In re Estate of Wilson, No. A-5350-18T2, 2020 WL 3527333 (N.J. Super. Ct. App. Div. June 30, 2020).

The Appellate Division affirmed the trial court’s ruling that a plaintiff’s speculation alone is insufficient to challenge testamentary capacity or show undue influence in a will’s execution.

Stuart V.V. Wilson and his second wife, Amelia, were married for over twenty-five years before Stuart’s death in 2016.  Stuart also had a daughter from his previous marriage, Wylie Wilson.

From 1992 until less than two months before his death, Stuart drafted a series of new wills, changing the nature of his bequest, the beneficiaries of that bequest, and the will’s executors.  Stuart’s initial will divided his residual estate equally between Amelia and Wylie but included a general bequest of $100,000 to Wylie.  However, between 1992 and 2014, Stuart made several new wills, excluding Wylie’s general bequest and naming Amelia and Stuart’s attorney as co-executors.
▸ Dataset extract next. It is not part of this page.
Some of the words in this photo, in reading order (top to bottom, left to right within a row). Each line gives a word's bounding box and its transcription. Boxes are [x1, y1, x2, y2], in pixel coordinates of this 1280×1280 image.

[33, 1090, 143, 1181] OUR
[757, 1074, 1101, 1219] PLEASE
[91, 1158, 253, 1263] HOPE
Between 2014 and 2016, Stuart changed his will three more times.  In June 2014, Stuart executed a will naming Wylie the sole executor and beneficiary of his residual estate.  But in November 2014, Stuart again changed his will, naming Amelia sole executor and beneficiary of his residual estate, and rescinding Wylie’s bequest.  Stuart made the last alteration to his estate plan in January 2016, leaving his estate to Amelia and providing Wylie with only $200,000.  Stuart explained in a duly executed memorandum that he believed this bequest was sufficient because he had provided significant financial assistance to Wylie throughout her life.  Stuart similarly changed the beneficiary on his retirement accounts, eventually eliminating Wylie’s share and leaving the entire account to his wife.
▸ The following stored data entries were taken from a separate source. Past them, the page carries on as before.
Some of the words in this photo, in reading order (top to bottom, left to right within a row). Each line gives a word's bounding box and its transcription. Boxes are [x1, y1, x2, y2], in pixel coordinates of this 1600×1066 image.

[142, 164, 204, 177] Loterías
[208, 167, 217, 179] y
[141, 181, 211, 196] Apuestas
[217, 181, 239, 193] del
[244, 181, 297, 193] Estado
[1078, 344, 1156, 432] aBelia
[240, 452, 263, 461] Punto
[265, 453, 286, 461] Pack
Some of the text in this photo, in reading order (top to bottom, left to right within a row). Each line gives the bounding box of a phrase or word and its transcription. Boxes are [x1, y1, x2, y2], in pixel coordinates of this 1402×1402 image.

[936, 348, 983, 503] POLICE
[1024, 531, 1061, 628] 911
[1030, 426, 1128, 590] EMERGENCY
Stuart’s health began declining in 2012.  Nevertheless, his doctors asserted that he was “alert” and “oriented” until his death.  Similarly, Stuart’s attorneys stated that Stuart understood his new estate plan and was of sound testamentary capacity to execute his will.  Neither attorney noticed any signs of undue influence, nor was Amelia present when Stuart discussed changing his will with his attorneys or when he executed it.
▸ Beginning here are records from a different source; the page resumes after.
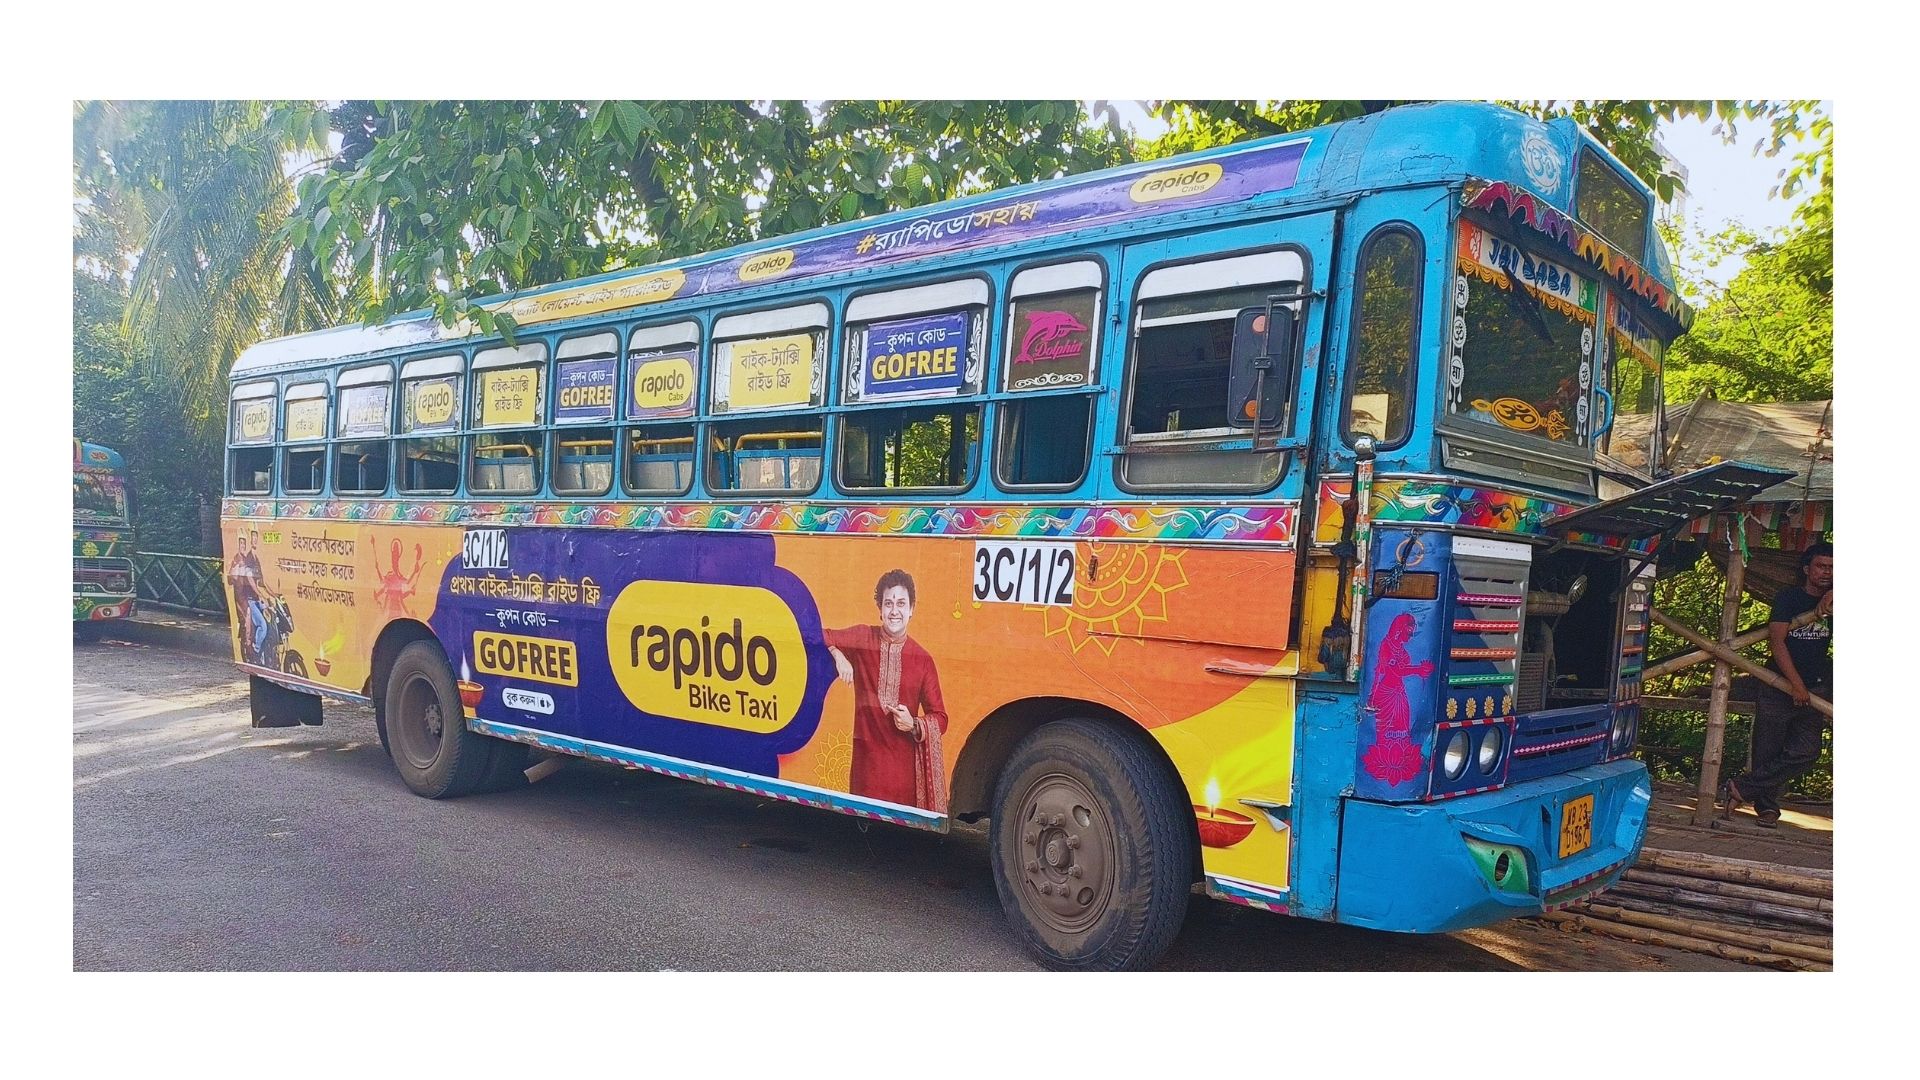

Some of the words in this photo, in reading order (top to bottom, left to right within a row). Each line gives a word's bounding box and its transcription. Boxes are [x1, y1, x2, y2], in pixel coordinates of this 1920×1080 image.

[1140, 171, 1210, 192] rapido
[1181, 185, 1205, 193] Cabs
[745, 256, 786, 273] rapido
[1489, 238, 1520, 274] JAI
[1522, 253, 1572, 297] BABA
[887, 331, 915, 353] কুপন
[917, 327, 947, 345] কোড
[1033, 339, 1083, 360] Dolphin
[741, 344, 801, 369] বাইক-ট্যাক্সি
[872, 347, 957, 380] GOFREE
[569, 370, 587, 387] কুপন
[588, 369, 606, 382] কোড
[641, 369, 684, 397] rapido
[747, 371, 773, 392] রাইড
[775, 368, 791, 391] ফ্রি
[418, 388, 449, 412] rapido
[495, 396, 511, 411] রাইড
[560, 385, 612, 407] GOFREE
[668, 392, 684, 402] Cabs
[245, 408, 266, 428] rapido
[291, 530, 322, 553] উৎসবের
[463, 532, 508, 567] 3C/1/2
[309, 561, 328, 577] সহজ
[330, 563, 355, 580] করতে
[974, 547, 1075, 604] 3C/1/2
[450, 575, 475, 596] প্রথম
[478, 571, 544, 602] বাইক-ট্যাক্সি
[547, 575, 578, 604] রাইড
[581, 576, 601, 607] ফ্রি
[496, 608, 520, 628] কুপন
[523, 610, 547, 627] কোড
[480, 637, 572, 680] GOFREE
[631, 616, 777, 690] rapido
[506, 692, 518, 705] বুক
[519, 694, 535, 706] করুন
[689, 683, 731, 713] Bike
[735, 690, 778, 721] Taxi
Even so, Wylie contested her father’s will after his death, claiming that he lacked the testamentary capacity to change the beneficiaries on his retirement accounts and to execute his last two wills.

Amelia moved for summary judgment on Wylie’s claims.  Wylie cross-moved for summary judgment, alleging undue influence and suspicious circumstances surrounding the execution of Stuart’s last two wills.

The trial court granted Amelia’s motion, concluding that Wylie failed to present sufficient evidence of undue influence and lack of testamentary capacity.  Instead, she presented “her own speculation and a report from a medical expert who never examined Stuart and rendered an opinion [of incapacity] solely” on Wylie’s recommendation.  Additionally, Wylie did not offer evidence of suspicious circumstances and failed to demonstrate that Stuart and Amelia’s marriage differed from any other twenty-five year relationship.

The Appellate Division affirmed the trial court decision.  As the Appellate Division discussed, where a will is contested for lack of testamentary capacity, New Jersey courts presume that a testator possessed the necessary capacity to execute the will.  In re Livingston’s Will, 5 N.J. 65, 71 (1950); In re Will of Liebl, 260 N.J. Super. 591, 524 (App. Div. 1992).  However, the presence of undue influence rebuts that presumption.  In re Livingston’s Will, 5 N.J. at 71.  Undue influence occurs when another party exerts mental, moral, or physical influence over the testator, preventing the testator from making his bequest of his own free will.  In re Estate of Stockdale, 196 N.J. 275, 302-03 (2008) (citing Haynes v. First Nat’l State Bank, 87 N.J. 163, 178 (1981)).

After reviewing the record, the Appellate Division noted that despite the trial judge’s repeated requests, Wylie failed to present evidence concerning Stuart’s mental capacity other than her own speculation and Stuart’s several alterations to his will.  This alone was insufficient to create a question of material fact as to whether Stuart lacked mental capacity or was unduly influenced when he executed his final will.  Therefore, the Appellate Division affirmed the trial court’s grant of summary judgment.